Sonia Leimer is showing new chairs that she has developed by upcycling materials she used in a project in the waiting
area of the Arbeiterkammer (Chamber of Labor) in Vienna. Her exploration focuses on workwear and its historical
color coding, symbolic traditions, and practical requirements (orange as the color for garbage collectors; black for
chimney sweepers; white, blue, and turquois for doctors and nursing staff; green for gardeners, and so forth). By
printing a selection of photographs on these fabrics showing her hands doing artistic work in the studio — for
example, measuring, welding, or applying varnish — she not only creates usable unique objects for sitting on;
she also inscribes her own craft-based activities onto other professional fields.
Katharina Grosse is known for her painterly environments produced with the help of a spray paint gun. These take the
shape of gigantic indoor and outdoor installations — for example, on the facades or in the stairwells of
buildings. Her softly oscillating color gradations also spread across fabric, furniture, or everyday objects. In the
shop window of the gallery, a hand-sprayed, unique edition of a skateboard is shown without wheels, liberating it
from its original use value and letting it mutate into a sculpture. Through its intentional placement close to the
street, it maintains its metaphorical character as an expression of freedom and movement.
Manfred Pernice uses off-the-shelf materials like plywood panels, tiles, iron, or concrete, which he combines with
drawings, texts, and newspaper clippings to create his cylindrical or prismatically fragmented sculptures that are
reminiscent of stacked cans or containers. In this way, he provides an open system of reference that plays with
cultural codes, memories, or signifiers that are associated with a certain context.
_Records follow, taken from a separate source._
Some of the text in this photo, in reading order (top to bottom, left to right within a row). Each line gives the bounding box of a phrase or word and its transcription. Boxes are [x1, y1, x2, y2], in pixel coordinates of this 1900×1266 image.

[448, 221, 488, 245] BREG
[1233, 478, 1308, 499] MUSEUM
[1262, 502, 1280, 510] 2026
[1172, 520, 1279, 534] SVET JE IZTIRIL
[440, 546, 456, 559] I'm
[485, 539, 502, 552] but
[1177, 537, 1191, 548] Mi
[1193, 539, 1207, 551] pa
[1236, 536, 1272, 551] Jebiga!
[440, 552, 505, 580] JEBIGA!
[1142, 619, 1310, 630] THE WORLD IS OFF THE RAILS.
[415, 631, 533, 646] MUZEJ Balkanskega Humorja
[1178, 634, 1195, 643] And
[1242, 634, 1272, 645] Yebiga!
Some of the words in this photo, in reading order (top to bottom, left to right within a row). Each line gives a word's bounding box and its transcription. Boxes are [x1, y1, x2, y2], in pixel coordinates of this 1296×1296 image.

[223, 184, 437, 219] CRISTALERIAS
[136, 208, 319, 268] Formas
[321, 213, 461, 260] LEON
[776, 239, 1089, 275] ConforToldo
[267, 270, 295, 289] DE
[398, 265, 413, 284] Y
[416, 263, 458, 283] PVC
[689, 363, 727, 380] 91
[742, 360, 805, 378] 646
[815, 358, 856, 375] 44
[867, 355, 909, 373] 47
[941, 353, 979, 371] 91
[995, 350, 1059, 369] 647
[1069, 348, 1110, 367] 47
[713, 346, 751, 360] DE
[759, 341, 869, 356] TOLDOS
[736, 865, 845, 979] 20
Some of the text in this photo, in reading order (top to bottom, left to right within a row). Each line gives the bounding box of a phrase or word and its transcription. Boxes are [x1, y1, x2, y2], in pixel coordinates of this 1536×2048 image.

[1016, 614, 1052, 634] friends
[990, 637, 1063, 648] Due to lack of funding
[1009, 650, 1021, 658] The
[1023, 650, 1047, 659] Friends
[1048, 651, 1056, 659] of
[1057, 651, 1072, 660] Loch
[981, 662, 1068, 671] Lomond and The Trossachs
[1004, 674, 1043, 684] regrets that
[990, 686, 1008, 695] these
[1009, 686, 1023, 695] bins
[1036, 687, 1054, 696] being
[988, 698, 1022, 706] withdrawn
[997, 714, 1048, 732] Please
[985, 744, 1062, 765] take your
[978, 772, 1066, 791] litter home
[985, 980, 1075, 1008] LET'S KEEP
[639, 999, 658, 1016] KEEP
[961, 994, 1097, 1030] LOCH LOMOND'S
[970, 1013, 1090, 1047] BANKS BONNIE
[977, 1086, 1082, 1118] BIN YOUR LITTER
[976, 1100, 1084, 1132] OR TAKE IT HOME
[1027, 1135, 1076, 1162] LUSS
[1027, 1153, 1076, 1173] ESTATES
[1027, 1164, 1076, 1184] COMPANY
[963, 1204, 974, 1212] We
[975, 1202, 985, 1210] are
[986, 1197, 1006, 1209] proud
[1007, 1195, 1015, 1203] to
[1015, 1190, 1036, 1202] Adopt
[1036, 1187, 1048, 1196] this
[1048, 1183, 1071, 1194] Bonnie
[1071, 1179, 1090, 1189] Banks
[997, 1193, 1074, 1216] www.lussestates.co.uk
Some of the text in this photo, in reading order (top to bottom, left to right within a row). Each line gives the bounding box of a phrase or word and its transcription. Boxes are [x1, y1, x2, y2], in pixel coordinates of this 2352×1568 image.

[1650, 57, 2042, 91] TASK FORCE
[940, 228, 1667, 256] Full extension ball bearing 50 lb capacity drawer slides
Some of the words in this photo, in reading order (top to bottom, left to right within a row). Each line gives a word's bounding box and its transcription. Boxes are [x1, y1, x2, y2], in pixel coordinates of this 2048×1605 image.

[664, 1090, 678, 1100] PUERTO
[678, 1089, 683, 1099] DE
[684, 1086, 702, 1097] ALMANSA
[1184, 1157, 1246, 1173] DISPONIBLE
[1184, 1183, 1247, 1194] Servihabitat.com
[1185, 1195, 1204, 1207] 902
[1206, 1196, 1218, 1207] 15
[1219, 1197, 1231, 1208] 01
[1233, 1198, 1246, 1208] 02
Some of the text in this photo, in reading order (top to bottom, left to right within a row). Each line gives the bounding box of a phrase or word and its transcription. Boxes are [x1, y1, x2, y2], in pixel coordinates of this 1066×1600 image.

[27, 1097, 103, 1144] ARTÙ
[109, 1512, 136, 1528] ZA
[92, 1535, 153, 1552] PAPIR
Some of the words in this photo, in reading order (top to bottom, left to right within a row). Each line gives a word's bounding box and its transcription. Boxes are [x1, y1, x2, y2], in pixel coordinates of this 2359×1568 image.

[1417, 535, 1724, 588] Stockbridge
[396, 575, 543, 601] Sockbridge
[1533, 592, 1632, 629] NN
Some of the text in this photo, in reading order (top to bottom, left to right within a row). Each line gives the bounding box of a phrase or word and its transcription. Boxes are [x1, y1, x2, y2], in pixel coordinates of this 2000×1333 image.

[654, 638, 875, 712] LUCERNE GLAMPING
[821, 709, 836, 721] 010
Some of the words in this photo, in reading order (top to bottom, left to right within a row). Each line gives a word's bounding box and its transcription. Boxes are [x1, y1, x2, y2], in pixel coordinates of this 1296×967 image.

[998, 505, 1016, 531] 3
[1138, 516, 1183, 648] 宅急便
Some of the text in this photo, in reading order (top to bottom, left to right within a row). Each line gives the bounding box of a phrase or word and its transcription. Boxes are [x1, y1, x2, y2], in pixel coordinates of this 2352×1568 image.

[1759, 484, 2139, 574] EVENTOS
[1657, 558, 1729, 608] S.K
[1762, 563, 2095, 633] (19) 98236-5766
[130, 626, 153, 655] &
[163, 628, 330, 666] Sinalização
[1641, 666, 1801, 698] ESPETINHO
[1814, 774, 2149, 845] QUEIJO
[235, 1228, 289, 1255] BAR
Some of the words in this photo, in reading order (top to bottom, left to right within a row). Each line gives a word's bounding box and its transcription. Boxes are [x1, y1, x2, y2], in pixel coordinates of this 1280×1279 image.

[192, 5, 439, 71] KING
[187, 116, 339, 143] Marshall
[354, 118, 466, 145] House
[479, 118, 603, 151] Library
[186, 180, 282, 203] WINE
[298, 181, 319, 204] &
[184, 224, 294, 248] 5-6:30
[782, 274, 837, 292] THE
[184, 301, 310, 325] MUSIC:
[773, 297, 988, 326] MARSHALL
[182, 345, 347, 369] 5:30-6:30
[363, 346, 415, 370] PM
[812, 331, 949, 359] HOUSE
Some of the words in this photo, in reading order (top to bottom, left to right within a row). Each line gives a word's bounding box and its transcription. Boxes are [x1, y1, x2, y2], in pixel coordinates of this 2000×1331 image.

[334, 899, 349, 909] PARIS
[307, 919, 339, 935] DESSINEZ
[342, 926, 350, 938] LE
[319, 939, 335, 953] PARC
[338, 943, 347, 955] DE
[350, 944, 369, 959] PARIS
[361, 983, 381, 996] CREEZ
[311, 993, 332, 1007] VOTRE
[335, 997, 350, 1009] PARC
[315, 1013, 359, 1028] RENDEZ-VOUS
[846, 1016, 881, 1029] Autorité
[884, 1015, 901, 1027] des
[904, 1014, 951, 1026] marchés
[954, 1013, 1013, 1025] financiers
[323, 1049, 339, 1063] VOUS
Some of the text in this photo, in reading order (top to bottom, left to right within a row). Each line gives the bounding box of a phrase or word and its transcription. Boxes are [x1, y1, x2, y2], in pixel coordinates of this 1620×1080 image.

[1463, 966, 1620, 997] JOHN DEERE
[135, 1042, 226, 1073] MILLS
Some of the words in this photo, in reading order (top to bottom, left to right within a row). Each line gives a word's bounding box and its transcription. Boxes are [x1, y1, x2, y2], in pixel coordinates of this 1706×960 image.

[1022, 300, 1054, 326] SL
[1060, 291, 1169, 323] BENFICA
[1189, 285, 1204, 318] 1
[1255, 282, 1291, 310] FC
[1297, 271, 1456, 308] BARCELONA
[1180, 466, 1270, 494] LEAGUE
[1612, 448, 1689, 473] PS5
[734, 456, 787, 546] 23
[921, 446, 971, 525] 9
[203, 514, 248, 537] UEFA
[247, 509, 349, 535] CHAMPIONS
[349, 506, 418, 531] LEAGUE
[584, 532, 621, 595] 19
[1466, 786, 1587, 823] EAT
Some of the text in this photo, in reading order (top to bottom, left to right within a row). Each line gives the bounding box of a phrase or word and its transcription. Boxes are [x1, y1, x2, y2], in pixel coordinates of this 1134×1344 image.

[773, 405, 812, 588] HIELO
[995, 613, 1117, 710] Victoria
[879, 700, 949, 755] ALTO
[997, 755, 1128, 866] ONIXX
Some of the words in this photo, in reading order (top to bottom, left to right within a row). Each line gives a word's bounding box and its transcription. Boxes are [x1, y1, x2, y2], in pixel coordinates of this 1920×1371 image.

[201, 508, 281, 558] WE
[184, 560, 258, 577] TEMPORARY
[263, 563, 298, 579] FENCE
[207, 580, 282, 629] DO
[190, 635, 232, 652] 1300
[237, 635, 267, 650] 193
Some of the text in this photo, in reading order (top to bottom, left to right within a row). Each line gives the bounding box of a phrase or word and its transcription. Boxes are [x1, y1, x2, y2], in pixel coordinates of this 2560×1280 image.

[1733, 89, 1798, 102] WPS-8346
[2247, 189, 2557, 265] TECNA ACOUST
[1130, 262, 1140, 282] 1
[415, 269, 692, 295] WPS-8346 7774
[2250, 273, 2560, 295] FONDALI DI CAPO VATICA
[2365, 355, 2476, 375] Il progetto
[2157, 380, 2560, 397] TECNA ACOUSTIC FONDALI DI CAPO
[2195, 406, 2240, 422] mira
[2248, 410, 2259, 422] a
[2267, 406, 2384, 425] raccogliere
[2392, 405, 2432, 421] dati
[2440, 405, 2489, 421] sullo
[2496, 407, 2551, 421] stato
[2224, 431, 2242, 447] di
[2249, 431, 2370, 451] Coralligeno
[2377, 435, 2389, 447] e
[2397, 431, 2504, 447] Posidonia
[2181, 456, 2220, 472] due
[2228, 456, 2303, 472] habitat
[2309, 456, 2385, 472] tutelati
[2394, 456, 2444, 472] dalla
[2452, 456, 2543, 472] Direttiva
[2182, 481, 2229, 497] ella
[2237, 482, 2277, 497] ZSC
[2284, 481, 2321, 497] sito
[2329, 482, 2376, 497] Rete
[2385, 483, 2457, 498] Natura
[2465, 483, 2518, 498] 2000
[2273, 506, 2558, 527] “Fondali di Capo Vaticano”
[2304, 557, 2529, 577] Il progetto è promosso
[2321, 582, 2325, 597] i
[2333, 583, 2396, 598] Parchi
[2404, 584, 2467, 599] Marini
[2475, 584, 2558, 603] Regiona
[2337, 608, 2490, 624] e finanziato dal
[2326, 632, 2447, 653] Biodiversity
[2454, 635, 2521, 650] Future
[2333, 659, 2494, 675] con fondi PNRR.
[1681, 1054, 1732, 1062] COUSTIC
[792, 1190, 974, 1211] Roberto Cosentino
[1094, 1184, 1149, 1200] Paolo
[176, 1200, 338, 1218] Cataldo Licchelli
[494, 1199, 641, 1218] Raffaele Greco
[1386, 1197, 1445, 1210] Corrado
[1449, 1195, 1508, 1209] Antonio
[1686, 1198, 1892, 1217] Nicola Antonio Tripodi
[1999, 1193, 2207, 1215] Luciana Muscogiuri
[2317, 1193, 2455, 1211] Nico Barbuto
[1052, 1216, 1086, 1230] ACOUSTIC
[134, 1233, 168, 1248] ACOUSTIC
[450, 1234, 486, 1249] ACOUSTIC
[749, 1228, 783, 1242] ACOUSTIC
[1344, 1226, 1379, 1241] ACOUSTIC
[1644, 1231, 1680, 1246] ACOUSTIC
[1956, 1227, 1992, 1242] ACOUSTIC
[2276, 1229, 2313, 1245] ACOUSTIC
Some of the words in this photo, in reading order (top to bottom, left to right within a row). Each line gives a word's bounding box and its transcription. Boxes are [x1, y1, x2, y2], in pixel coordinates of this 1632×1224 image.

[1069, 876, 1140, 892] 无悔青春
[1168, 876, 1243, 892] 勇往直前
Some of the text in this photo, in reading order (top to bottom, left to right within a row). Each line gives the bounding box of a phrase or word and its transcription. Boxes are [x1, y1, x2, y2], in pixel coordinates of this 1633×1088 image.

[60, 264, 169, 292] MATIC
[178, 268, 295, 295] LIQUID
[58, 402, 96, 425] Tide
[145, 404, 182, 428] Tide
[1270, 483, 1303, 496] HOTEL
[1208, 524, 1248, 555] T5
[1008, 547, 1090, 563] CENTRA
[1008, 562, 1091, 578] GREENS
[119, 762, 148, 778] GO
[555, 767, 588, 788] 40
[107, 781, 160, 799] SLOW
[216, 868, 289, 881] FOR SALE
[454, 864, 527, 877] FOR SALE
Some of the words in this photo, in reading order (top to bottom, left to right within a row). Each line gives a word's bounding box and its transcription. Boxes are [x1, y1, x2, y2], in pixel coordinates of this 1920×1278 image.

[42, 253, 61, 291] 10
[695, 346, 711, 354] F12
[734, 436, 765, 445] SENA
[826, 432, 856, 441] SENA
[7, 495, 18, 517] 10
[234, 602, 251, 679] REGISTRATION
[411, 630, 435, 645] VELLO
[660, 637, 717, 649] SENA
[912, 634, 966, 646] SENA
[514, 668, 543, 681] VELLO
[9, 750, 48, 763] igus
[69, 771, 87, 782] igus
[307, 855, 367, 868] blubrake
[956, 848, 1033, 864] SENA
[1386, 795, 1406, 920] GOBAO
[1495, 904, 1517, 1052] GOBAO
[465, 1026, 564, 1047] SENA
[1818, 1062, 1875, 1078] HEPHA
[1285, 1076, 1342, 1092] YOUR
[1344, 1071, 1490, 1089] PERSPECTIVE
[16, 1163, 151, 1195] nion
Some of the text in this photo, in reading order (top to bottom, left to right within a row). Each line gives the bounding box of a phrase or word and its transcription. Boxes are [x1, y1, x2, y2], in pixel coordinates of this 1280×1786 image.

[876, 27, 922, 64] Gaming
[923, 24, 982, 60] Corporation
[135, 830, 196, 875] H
This approach is also favored by the American artist Jessica Stockholder, who creates room-like collages or pictures
you can walk around in by combining familiar, everyday objects with odd, painted plywood boards. The small
assemblage consisting of pieces of carpet, a table-tennis paddle, price tags, and nails refers to the tradition of
the Fluxus movement, which worked toward a fluid transition between art and life and favored the artistic idea and
process over the actual artwork.
Manuel Gorkiewicz has realized an adaptation of a paper curtain that he originally folded out of US letter-size paper
during his MAK Schindler residency in Los Angeles to replace the original sliding door in the Mackey Apartments
built by R.M. Schindler in 1939 For this, Gorkiewicz developed a folding technique using the formal language
of Art Deco or Zig-Zag style, which was prevalent at the time, as a model and contrast to the De Stijl
vocabulary of Schindler’s Mackey building. By reconstructing his curtain for the barrel vault in the gallery
on Domgasse using the DIN A4 paper size, Gorkiewicz connects the history of the Austrian architect with his own,
giving R.M. Schindler, who never returned to Austria after emigrating in 1914, a symbolic presence in Vienna again.
Finally, Karin Sander radically pushes the “transformation” of our familiar mode of perception to the
limits in her treatment of everyday objects in which she employs a minimal shift in perspective. Using simple nails,
Sander mounts real fruit and vegetables on the wall at the same distance from each other. In this way, the food
becomes “realistic” sculptures. When transferred to the context of art, the uncanny power of our
cultural convention to regard objects hanging on the wall as art manifests itself. How much we have already become
alienated from our physical reality is not only demonstrated by the way eating and food is fetishized on social
media and cooking is stylized into social events, but also by the fact that the conditioning of our eyes by
photographic images lets Sander’s “sculptures” seem like three-dimensional color photographs.